The Lenovo specs you posted are for an older BIOS only system.
But your partition layouts are for a newer UEFI system.

I prefer to have an ESP on every drive, even if Ubuntu's grub only installs to the ESP - efi system partition on sda.
My install of Fedora, did let me use the ESP on sdb, and I use it as a backup of all the /EFI folders entries in sda's ESP..

I have mostly Ubuntu installs. And I prefer to keep /home inside / (root), but then have a much larger shared data partition.
When I still had XP, I had a shared NTFS data partition. Then added a shared Linux data partition as I installed another Ubuntu flavor/version. Eventually all data migrated into an ext4 partition at /mnt/data which is mounted into all installs and folders linked into each /home to make it look almost like standard folder structure.

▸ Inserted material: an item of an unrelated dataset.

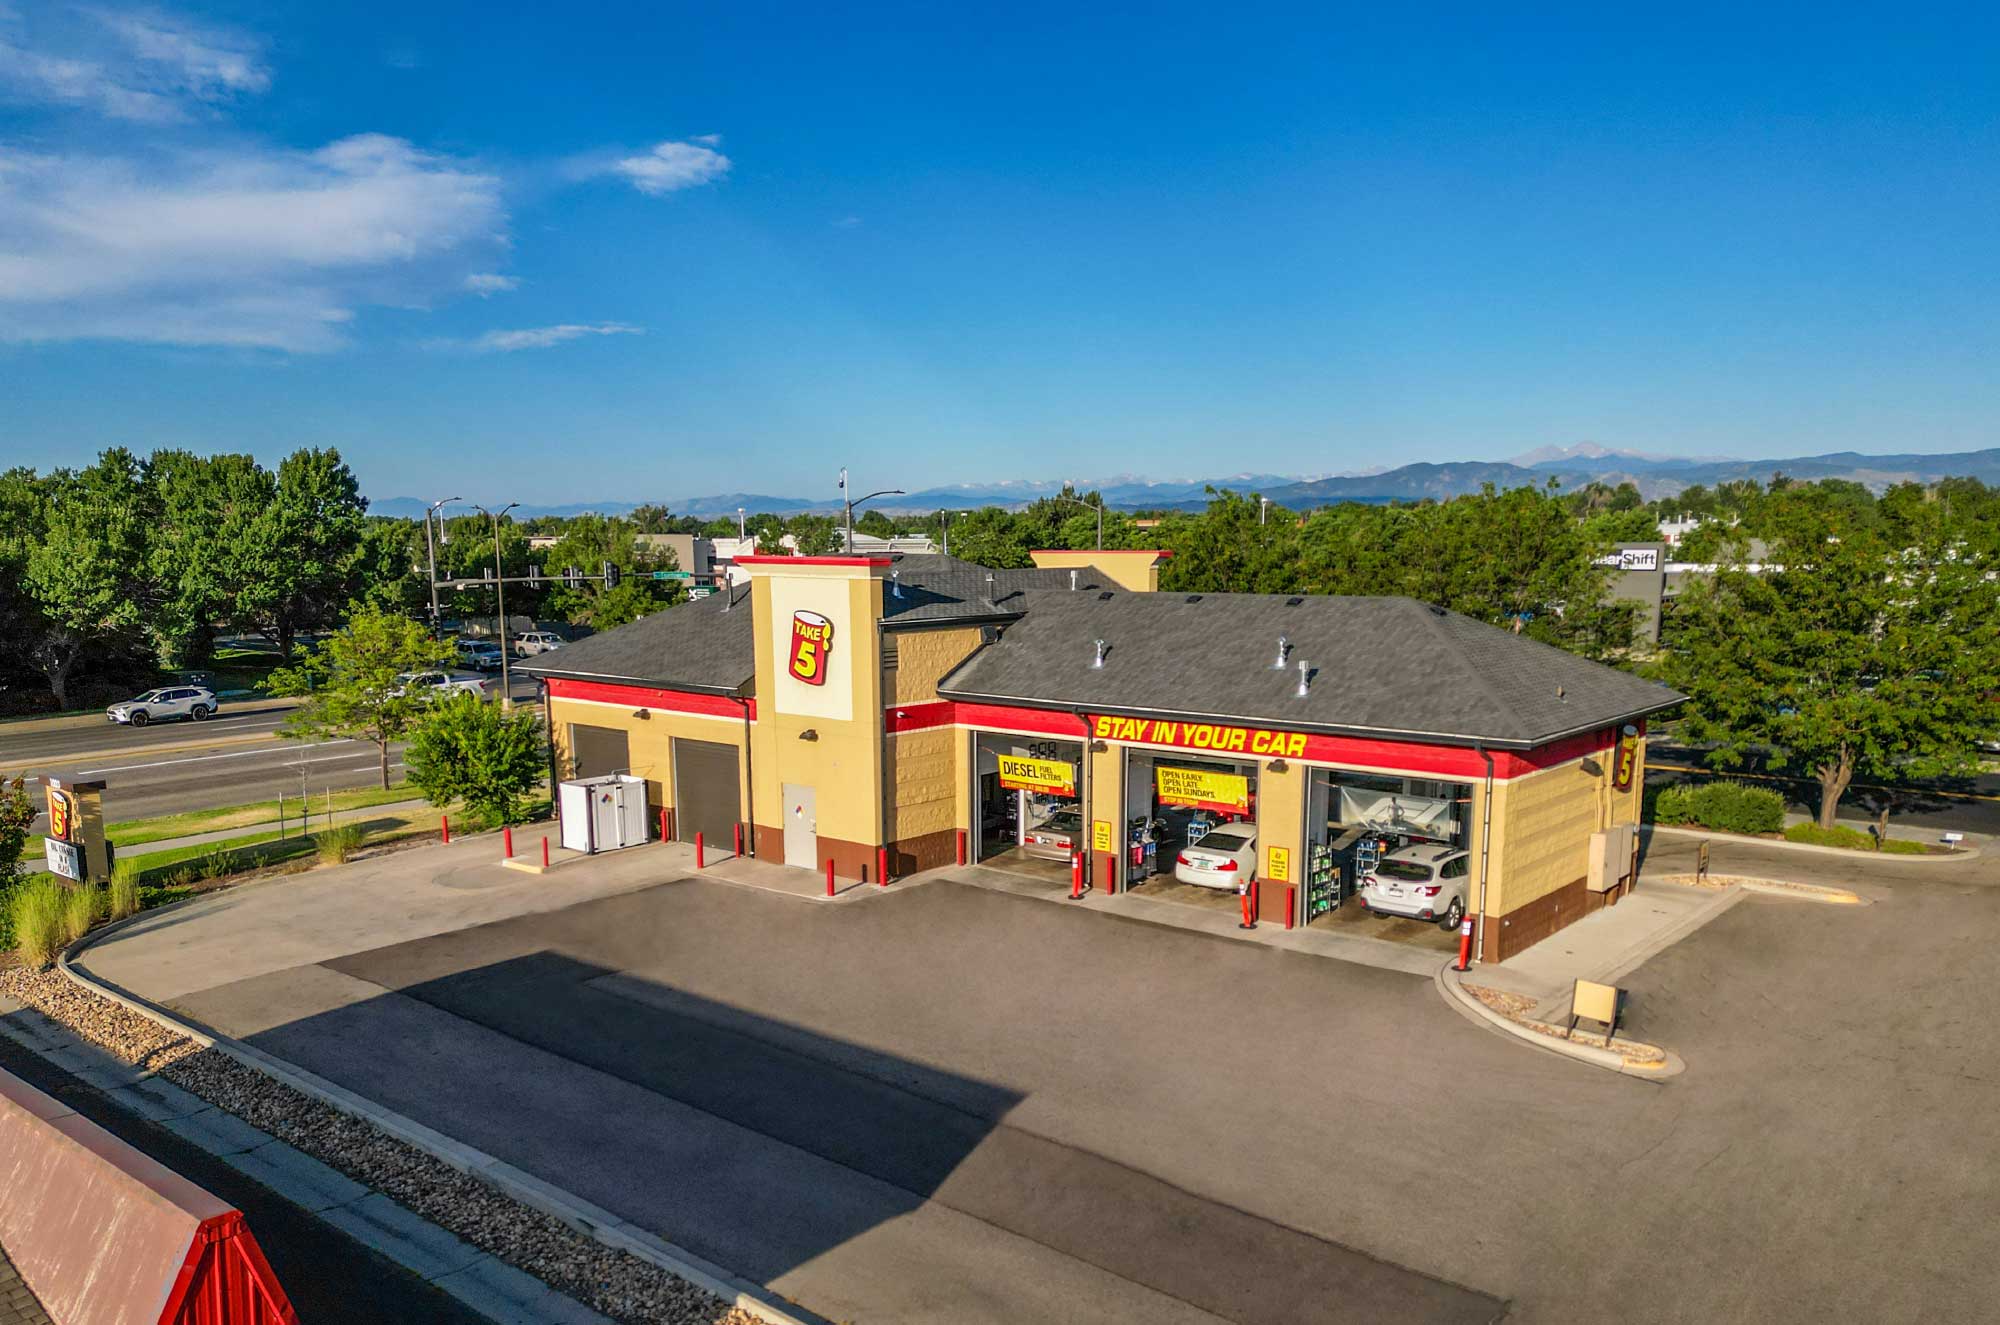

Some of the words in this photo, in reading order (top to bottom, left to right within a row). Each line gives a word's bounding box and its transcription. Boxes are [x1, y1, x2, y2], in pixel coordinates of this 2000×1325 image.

Make sure sdb is gpt partitioned.

I only use 2GB for swap and that probably is too much. I do not hibernate and do not suggest hibernation. The only reason to have a large swap is if hibernating. And now installs of Ubuntu from 17.04 and newer use swap file. They will use a swap partition if found.

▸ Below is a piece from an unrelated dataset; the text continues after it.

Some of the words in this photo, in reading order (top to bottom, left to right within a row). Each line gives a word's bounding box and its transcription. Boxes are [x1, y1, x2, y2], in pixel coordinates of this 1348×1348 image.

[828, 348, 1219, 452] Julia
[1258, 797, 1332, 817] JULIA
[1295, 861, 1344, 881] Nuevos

My partitioning, just as one example, note drive not fully partitioned. Since added a couple of 25GB partitions for newer installs.
https://ubuntuforums.org/showthread.php?t=2305833&p=13404413#post13404413

I do not think burg even works with UEFI. If you want graphical boot then you can use rEFInd. But I use grub2 as I only see menu for 3 sec, in case I am booting one of my other installs.
https://help.ubuntu.com/community/DiskSpace

gemmathetechie
January 6th, 2018, 12:55 AM
Thank you for the reply oldfred!



Obsidian's hardware is capable of UEFI as far as I am aware. (I know this from Ubiquity complaining at me to make sure that it needs UEFI mode to run properly)
In the past I have had problems with having multiple EFI partitions so that is down to my personal preference.
In regards to having seperate /home partitions, I do this to ensure that if something was to go wrong, the home partition is separate so all I would need to do is to mount that partition. I have a history for botching up Linux installs by messing around with things I shouldn't.
Both sda & sdb was going to be formatted using GPT (Who even uses MBR on new systems anyways?)
I was being slightly overzealous with the swap partitions... I do hibernate quite a fair bit compared to a standard user. In the new layout, I don't have any swap partitions but I was planning on having swap files for each install instead of a specific partition.
I was looking into rEFInd and what I was planning on doing was installing rEFInd via /sdb7 [New Layout] after all of the other OS's are installed.


I do have a newer plan if that would be of help to you?

The reason I have the number of partitions as they are is to stop any cognitive dissonance going on.

Thanks for your help!

oldfred
January 6th, 2018, 05:53 AM
I find each user has his own preferences and then partitioning needs to be unique for that user.
Some general rules apply but otherwise you can do just about anything your want.
And if you have good backups, I backup my /home and data partition(s), so I can easily reinstall.
My new installs may not use same /home info as I want different configuration, but will have same data.

Even if you want separate /home partitions, if multiple installs, you may want a shared ext4 partition.
But can use one or more of the NTFS partitions for shared data. Just make sure Windows fast start up or hibernation is off, or the Linux NTFS driver will not mount.